Why We Won’t Get Universal Pre-K

Dana Goldstein says a push for quality universal preschool is the big idea missing from the presidential campaign. I’m inclined to agree with her analysis of the merits of this. But the question, as with everything in American politics, is how to pay for it.

And this I think highlights the cul-de-sac into which the country’s economic policy debate has parked itself. Democrats say that it would be unconscionable to raise taxes on something like 95-99 percent of the population and Republicans say it would be unconscionable to raise taxes on the other 1-5 percent. Now of course you could pay for universal pre-K with a hefty levy on the one percent. Or you could reduce the structural budget deficit with a hefty levy on the one percent. Or you could avoid the need for post-2030 Social Security cuts with a hefty levy on the one percent. Or you could reverse the trend toward higher public college tuition with a hefty levy on the one percent. Or you could have a major infrastructure spending surge with a hefty levy on the one percent. And since the GOP will block all of those ideas, you can keep talking about each of them in isolation. But you can’t actually do all that stuff unless you either persuade the broad public that it would make sense for middle class people to pay higher taxes in exchange for more and better public serices, or else make tradeoffs between different spending priorities.
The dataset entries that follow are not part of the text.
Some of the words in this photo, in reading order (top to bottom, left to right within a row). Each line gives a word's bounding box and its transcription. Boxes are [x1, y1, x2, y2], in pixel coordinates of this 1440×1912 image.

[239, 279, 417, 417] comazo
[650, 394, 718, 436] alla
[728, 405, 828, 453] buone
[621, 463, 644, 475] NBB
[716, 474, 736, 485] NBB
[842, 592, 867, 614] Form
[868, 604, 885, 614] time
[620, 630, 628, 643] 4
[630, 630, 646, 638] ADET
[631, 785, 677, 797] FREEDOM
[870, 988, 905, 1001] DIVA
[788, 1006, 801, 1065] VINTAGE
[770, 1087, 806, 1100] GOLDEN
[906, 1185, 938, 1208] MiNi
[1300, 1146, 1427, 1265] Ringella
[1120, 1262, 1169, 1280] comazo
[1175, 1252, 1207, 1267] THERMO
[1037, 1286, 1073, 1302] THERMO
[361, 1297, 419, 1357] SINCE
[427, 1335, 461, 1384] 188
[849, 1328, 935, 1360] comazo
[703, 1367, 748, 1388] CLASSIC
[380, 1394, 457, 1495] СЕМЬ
Within the education space, for example, there’s a fair amount of evidence that early childhood education spending has much more bang-for-the-buck than things done later in life. But few of the progressive advocates of universal pre-k seem eager to suggest that they’d be willing to finance it with reduced higher education spending. And since existing spending commitments on Medicare, Medicaid, and Social Security already imply the need for higher taxes in the future I think we’re likely to remain stuck in our current dynamic of massive underinvestment in the youngest Americans.